Once, while trying to set up a bank account, I had the bank manager calling the police, because she said I was trying to commit fraud by not telling her that I “wasn’t a woman”, as indicated by my ID.
Twelve years. In that time, the state of my genitals was everyone’s fucking business, and they treated it as the single most important fact about my existence.
So pardon me if I have a tough time accepting a society dismissing the importance of genitalia as “junk”, given how very deeply I have felt the pain of society’s disapproval of my (presumed) genitalia for many years.
Am I saying you shouldn’t use it? Well, around here, yes, if you’ve got any consideration/empathy. But elsewhere? We are all responsible for our own actions, you’ll have to make that decision on your own.
But believe me when I say that after being societally defined by my genitals for twelve years, hearing that difference now described as “junk” is a cognitive dissonance and emotional minefield for me. Make of it what you will.

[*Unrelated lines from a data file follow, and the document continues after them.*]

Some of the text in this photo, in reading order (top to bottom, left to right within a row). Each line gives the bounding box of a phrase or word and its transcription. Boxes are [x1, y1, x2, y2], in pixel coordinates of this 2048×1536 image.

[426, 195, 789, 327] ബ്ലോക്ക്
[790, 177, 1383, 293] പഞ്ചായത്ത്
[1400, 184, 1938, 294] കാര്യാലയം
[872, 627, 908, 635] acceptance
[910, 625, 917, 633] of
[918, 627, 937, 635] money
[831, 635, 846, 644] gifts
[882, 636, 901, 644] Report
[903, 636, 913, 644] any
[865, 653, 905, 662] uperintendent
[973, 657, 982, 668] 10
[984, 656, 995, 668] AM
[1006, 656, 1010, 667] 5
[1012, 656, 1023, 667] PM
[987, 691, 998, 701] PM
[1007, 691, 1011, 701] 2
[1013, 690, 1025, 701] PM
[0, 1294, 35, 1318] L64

1) There are more and more trans* folk who are happy to keep using their old names, or to have anyone know their old names; for me, given how much I truly hated my old name even aside from its verygendered-ness – it rhymed with a lot of very bad things to be called, and i knew a lot of very creative bullies in my gifted program, as in “let’s go to the library and get foreign language dictionaries to find new names to abuse Hagafemu(2) with” creative. The point is, I don’t tell people my old name. Outside my family of origin, only five people in the city I live in know my old name, and three of them are ex-partners of mine. And honestly, I generally don’t want to know other trans* folks’ old names, either; I want to know who they are now, not who they used to be. Not every trans* person feels this way, though; Zinnia Jones, for example, is quite public about her transition, and I completely respect her choice to be so, as I’m quite sure she’d respect mine.

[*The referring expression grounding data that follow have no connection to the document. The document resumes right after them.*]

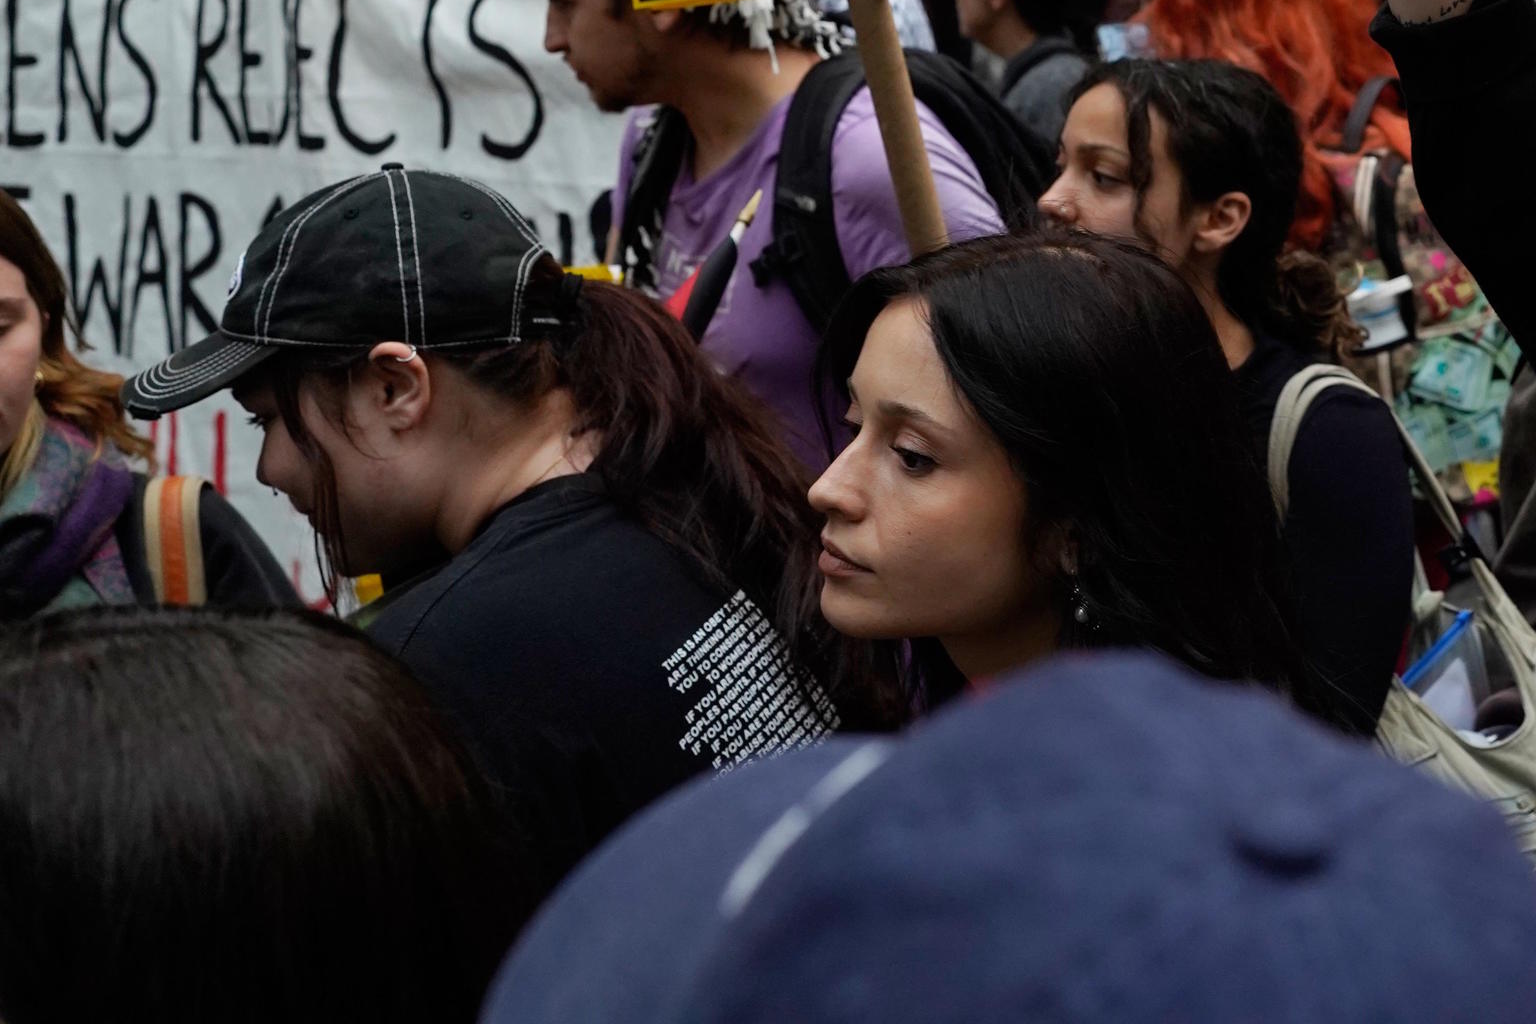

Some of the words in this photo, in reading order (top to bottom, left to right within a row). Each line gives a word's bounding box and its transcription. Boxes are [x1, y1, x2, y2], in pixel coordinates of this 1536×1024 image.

[65, 191, 223, 360] WAR
[662, 648, 687, 671] THIS
[683, 639, 695, 651] IS
[692, 628, 706, 644] AN
[703, 608, 725, 632] OBEY
[668, 663, 688, 687] ARE
[686, 629, 725, 667] THINKING
[676, 670, 699, 694] YOU
[697, 659, 711, 674] TO
[709, 624, 748, 663] CONSIDER
[706, 669, 720, 684] TO
[747, 631, 755, 644] IF
[754, 619, 769, 636] YOU
[679, 705, 721, 750] PEOPLES
[747, 666, 756, 679] IF
[755, 651, 772, 670] YOU
[685, 710, 695, 724] IF
[694, 690, 717, 712] YOU
[716, 673, 734, 695] ARE
[691, 740, 701, 755] IF
[700, 720, 722, 743] YOU
[721, 671, 771, 724] PARTICIPATE
[768, 664, 778, 676] IN
[711, 738, 720, 753] IF
[720, 719, 742, 742] YOU
[740, 697, 763, 722] TURN
[761, 692, 770, 702] A
[712, 755, 722, 769] IF
[721, 735, 744, 758] YOU
[744, 717, 762, 740] ARE
[735, 732, 764, 765] ABUSE
[762, 711, 786, 736] YOUR
[756, 734, 779, 758] THEN
[777, 717, 796, 738] THIS

2) A short version of the Japanese name of my site, “haga” from “hagane”, and “femu” being a Japanese-phonetic way of shortening “feminisuto”; a case could be made for “femi” rather, but “femu” was the default/obvious, so that’s what I picked.
3) “Tomboy femme” is how one of my besties described me shortly after I transitioned. I lucked into finding a small group of women friends after transition who didn’t subscribe to the then-fairly-common separatist/radfem/trans-exclusionary feminism; one of them said that this was the best descriptor, as I kept my hair in a short curly bob, wore only what makeup I felt I needed to “pass”, and most often wore jeans and a t-shirt to going out.